● **EXERCISE PROMPT**
When you write out the records, keep every word exact and drop the pictures.

────────────────────

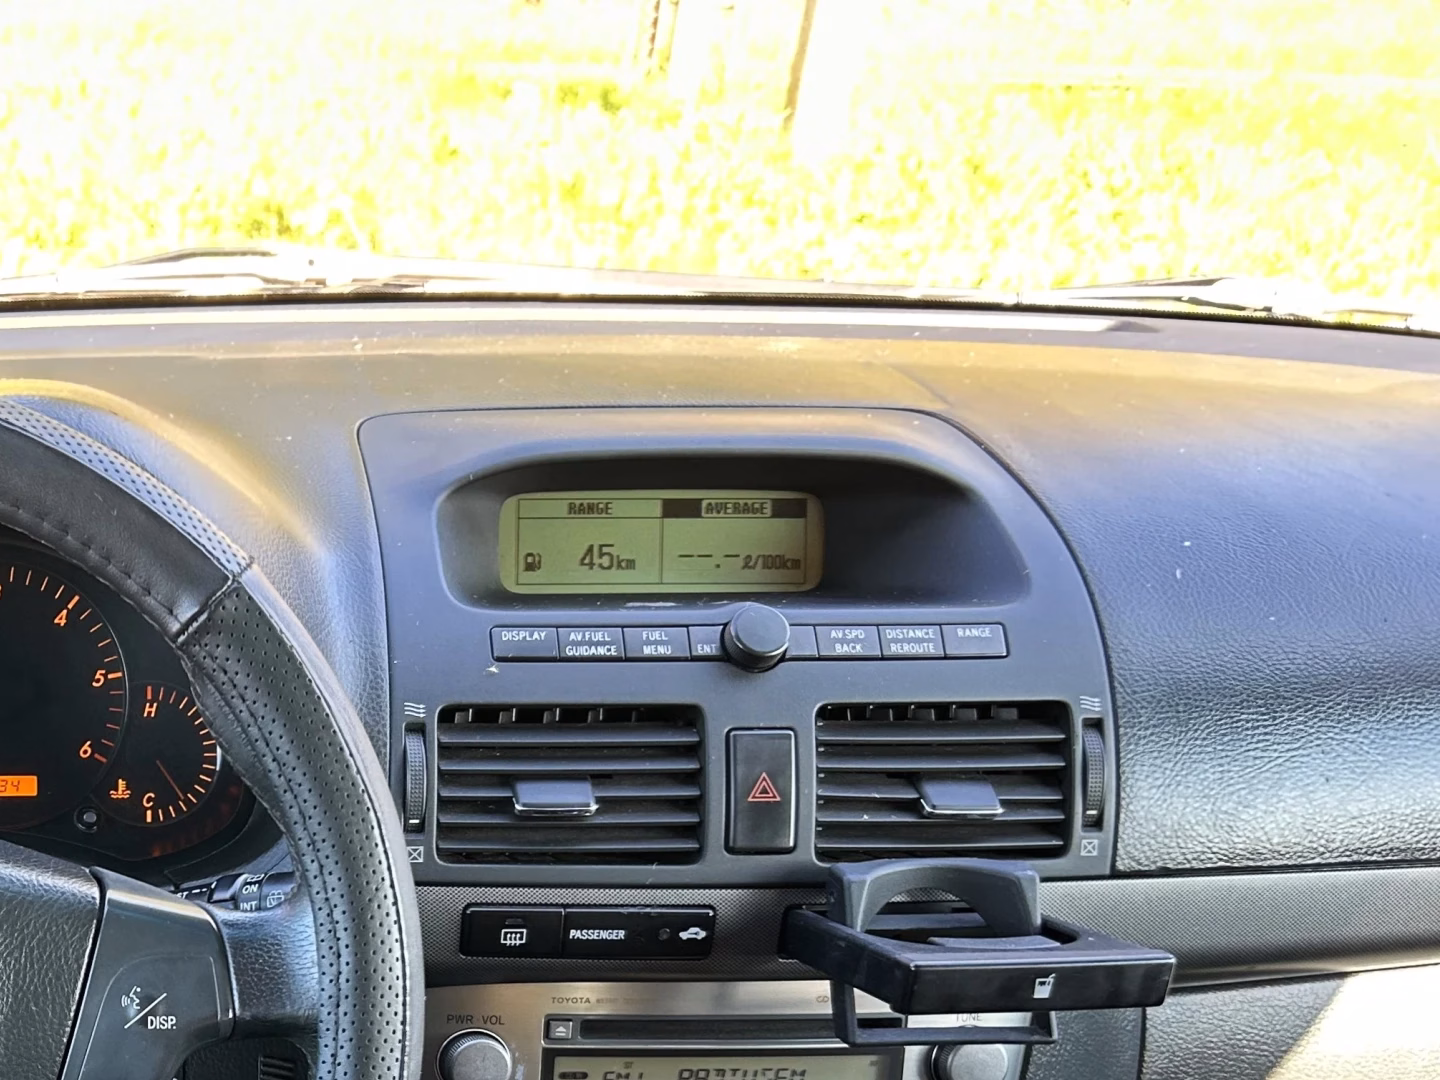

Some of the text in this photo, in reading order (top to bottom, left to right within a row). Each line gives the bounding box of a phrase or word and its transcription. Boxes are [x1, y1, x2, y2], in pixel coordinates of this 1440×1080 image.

[567, 502, 613, 515] RANGE
[704, 502, 769, 515] AVERAGE
[54, 610, 68, 627] 4
[501, 630, 547, 641] DISPLAY
[569, 632, 611, 642] AV.FUEL
[642, 632, 668, 641] FUEL
[830, 628, 866, 639] AV.SPD
[886, 628, 935, 639] DISTANCE
[957, 627, 992, 638] RANGE
[565, 645, 617, 656] GUIDANCE
[642, 645, 672, 655] MENU
[697, 644, 716, 654] ENT
[835, 643, 863, 654] BACK
[890, 642, 935, 654] REROUTE
[92, 670, 105, 686] 5
[144, 703, 157, 717] H
[79, 742, 92, 758] 6
[143, 793, 155, 808] C
[242, 884, 258, 894] ON
[240, 902, 257, 910] INT
[570, 930, 625, 940] PASSENGER
[147, 1015, 177, 1030] DISP.
[447, 1014, 505, 1025] PWR VOL
[956, 1013, 982, 1022] TUNE
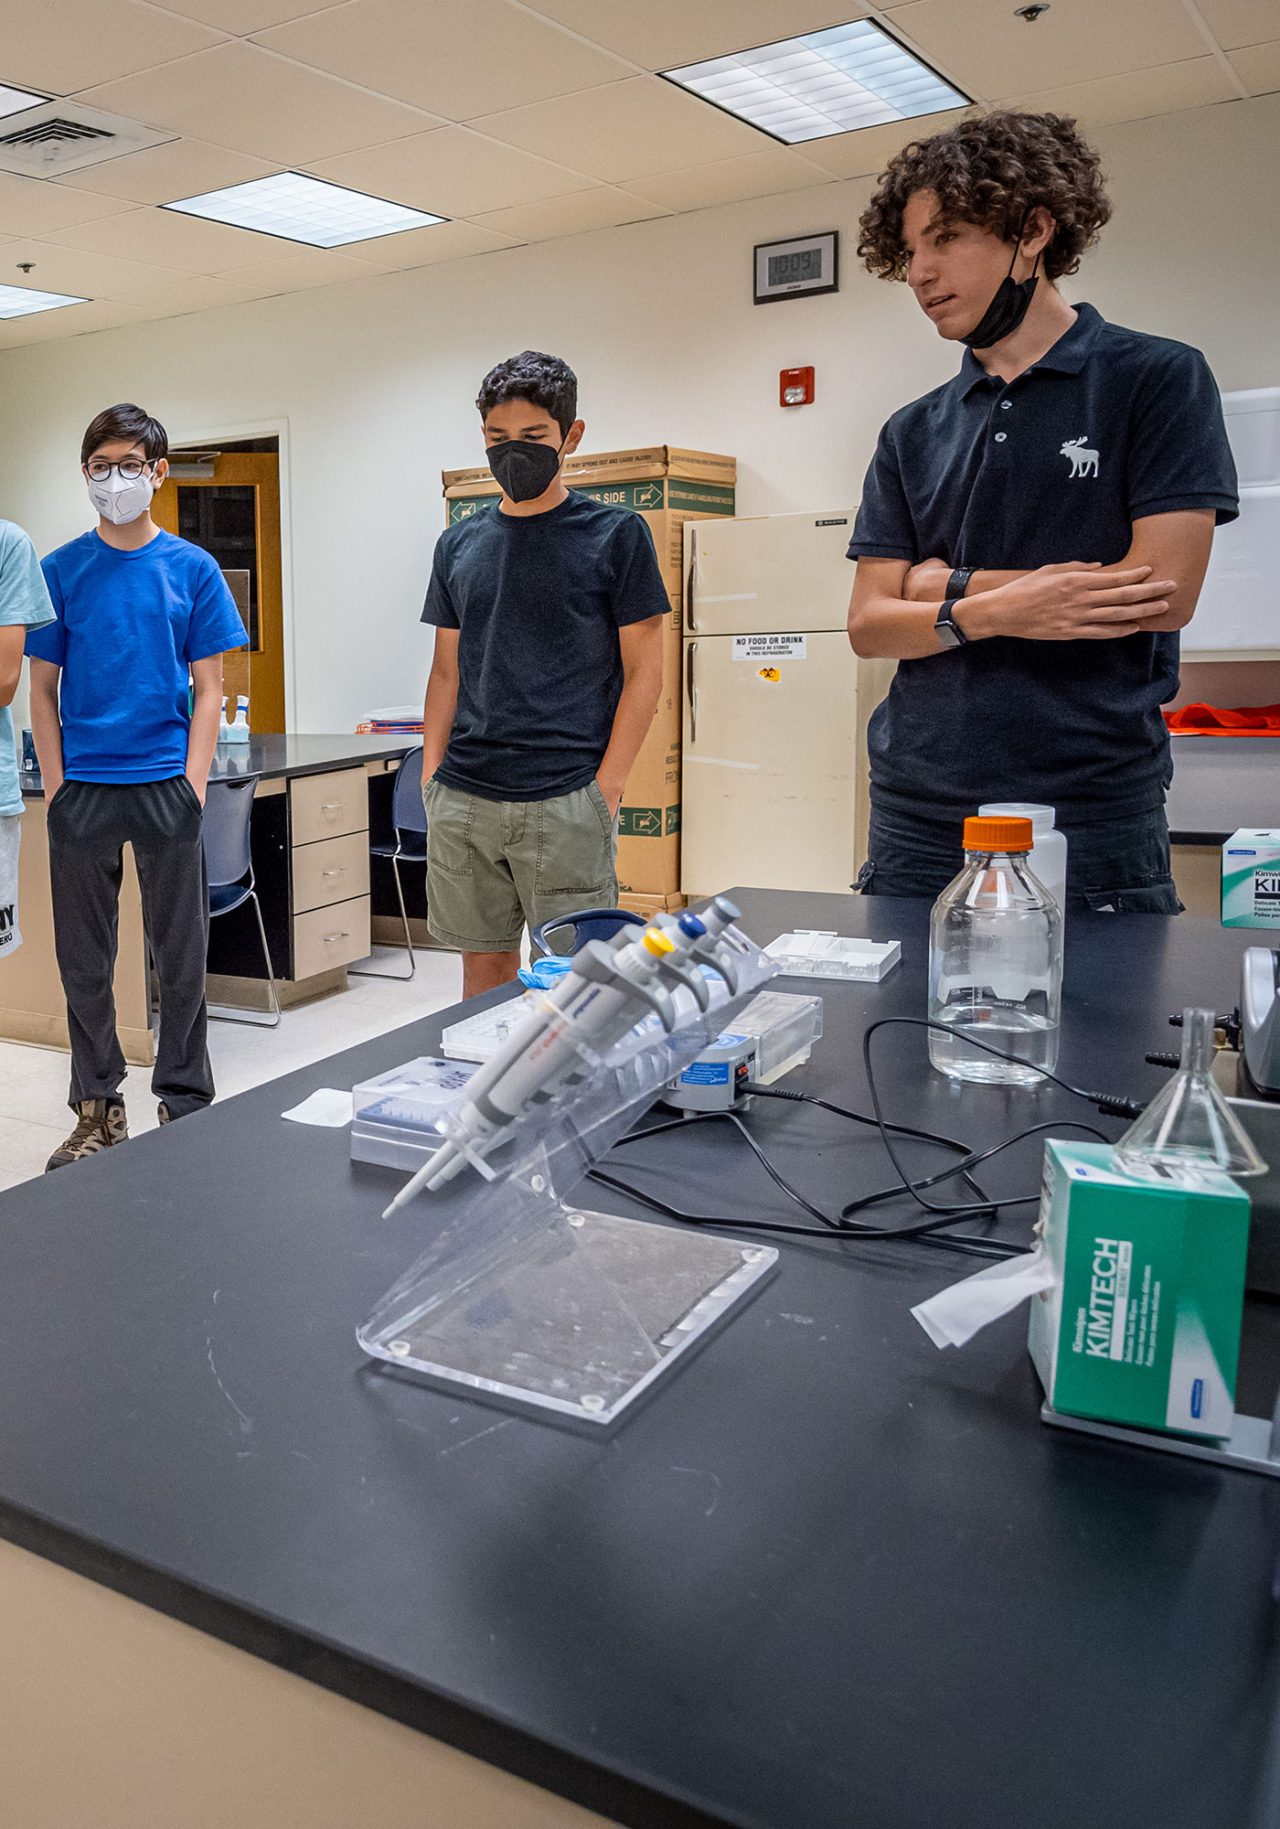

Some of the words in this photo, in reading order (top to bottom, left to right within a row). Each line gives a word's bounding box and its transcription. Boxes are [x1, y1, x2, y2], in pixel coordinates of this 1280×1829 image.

[603, 491, 626, 504] SIDE
[736, 637, 746, 645] NO
[748, 637, 767, 645] FOOD
[769, 636, 779, 645] OR
[781, 635, 803, 644] DRINK
[1086, 1237, 1119, 1358] KIMTECH
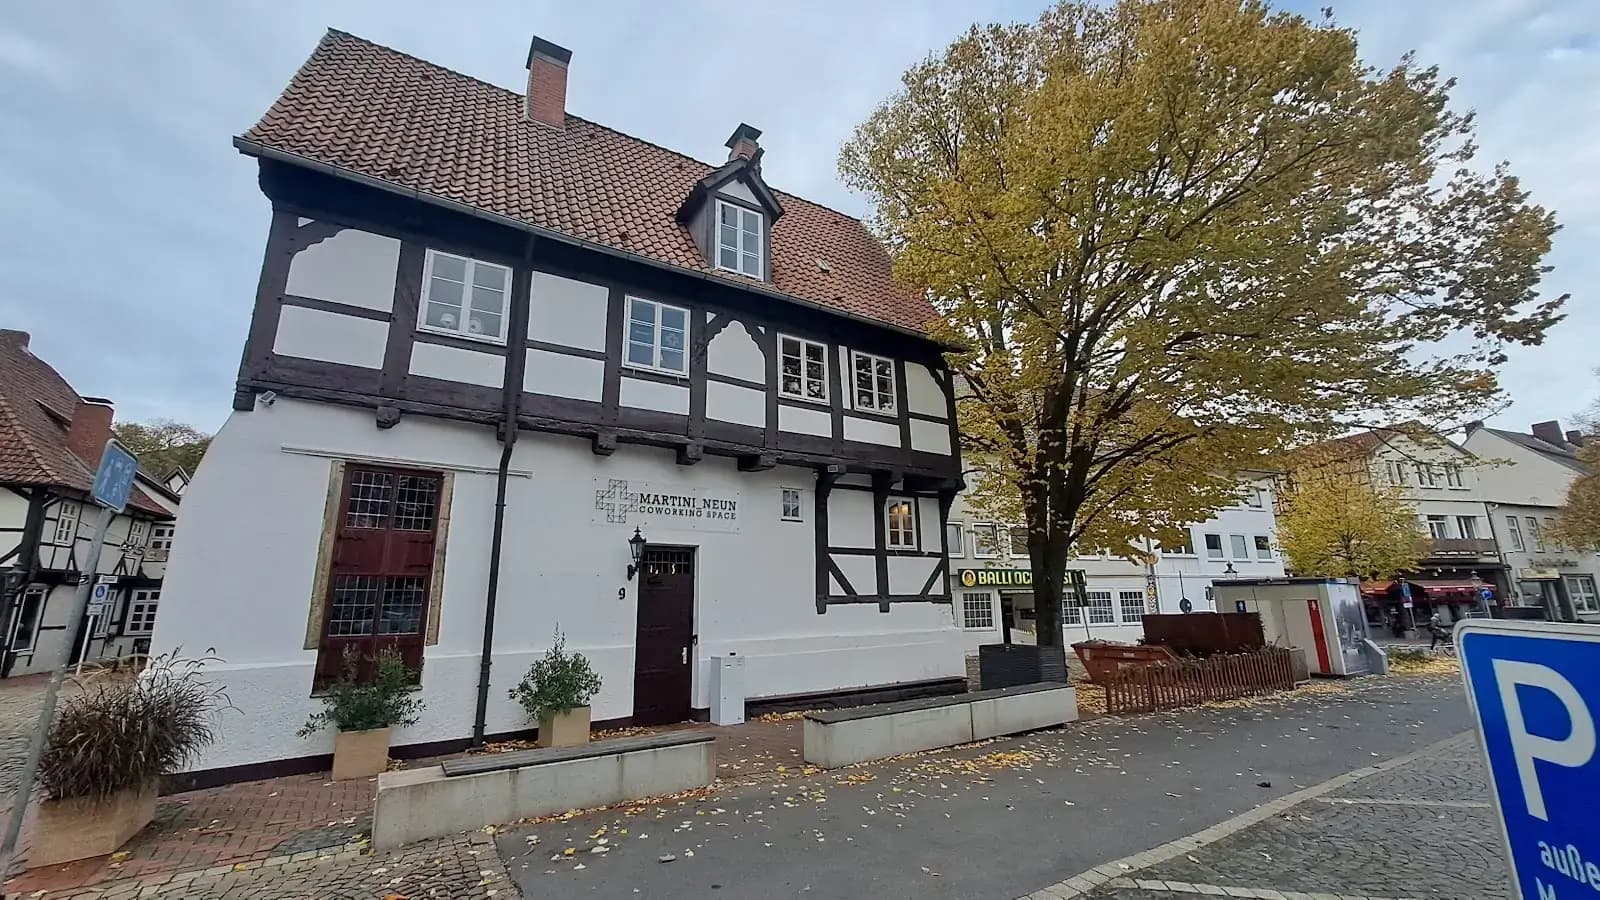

────────────────────

● **ANSWER TO THIS EXERCISE**
Some of the text in this photo, in reading order (top to bottom, left to right within a row). Each line gives the bounding box of a phrase or word and its transcription. Boxes are [x1, y1, x2, y2], in pixel coordinates of this 1440×1080 image.

[567, 502, 613, 515] RANGE
[704, 502, 769, 515] AVERAGE
[54, 610, 68, 627] 4
[501, 630, 547, 641] DISPLAY
[569, 632, 611, 642] AV.FUEL
[642, 632, 668, 641] FUEL
[830, 628, 866, 639] AV.SPD
[886, 628, 935, 639] DISTANCE
[957, 627, 992, 638] RANGE
[565, 645, 617, 656] GUIDANCE
[642, 645, 672, 655] MENU
[697, 644, 716, 654] ENT
[835, 643, 863, 654] BACK
[890, 642, 935, 654] REROUTE
[92, 670, 105, 686] 5
[144, 703, 157, 717] H
[79, 742, 92, 758] 6
[143, 793, 155, 808] C
[242, 884, 258, 894] ON
[240, 902, 257, 910] INT
[570, 930, 625, 940] PASSENGER
[147, 1015, 177, 1030] DISP.
[447, 1014, 505, 1025] PWR VOL
[956, 1013, 982, 1022] TUNE

Some of the words in this photo, in reading order (top to bottom, left to right within a row). Each line gives a word's bounding box and its transcription. Boxes are [x1, y1, x2, y2], in pixel coordinates of this 1280×1829 image.

[603, 491, 626, 504] SIDE
[736, 637, 746, 645] NO
[748, 637, 767, 645] FOOD
[769, 636, 779, 645] OR
[781, 635, 803, 644] DRINK
[1086, 1237, 1119, 1358] KIMTECH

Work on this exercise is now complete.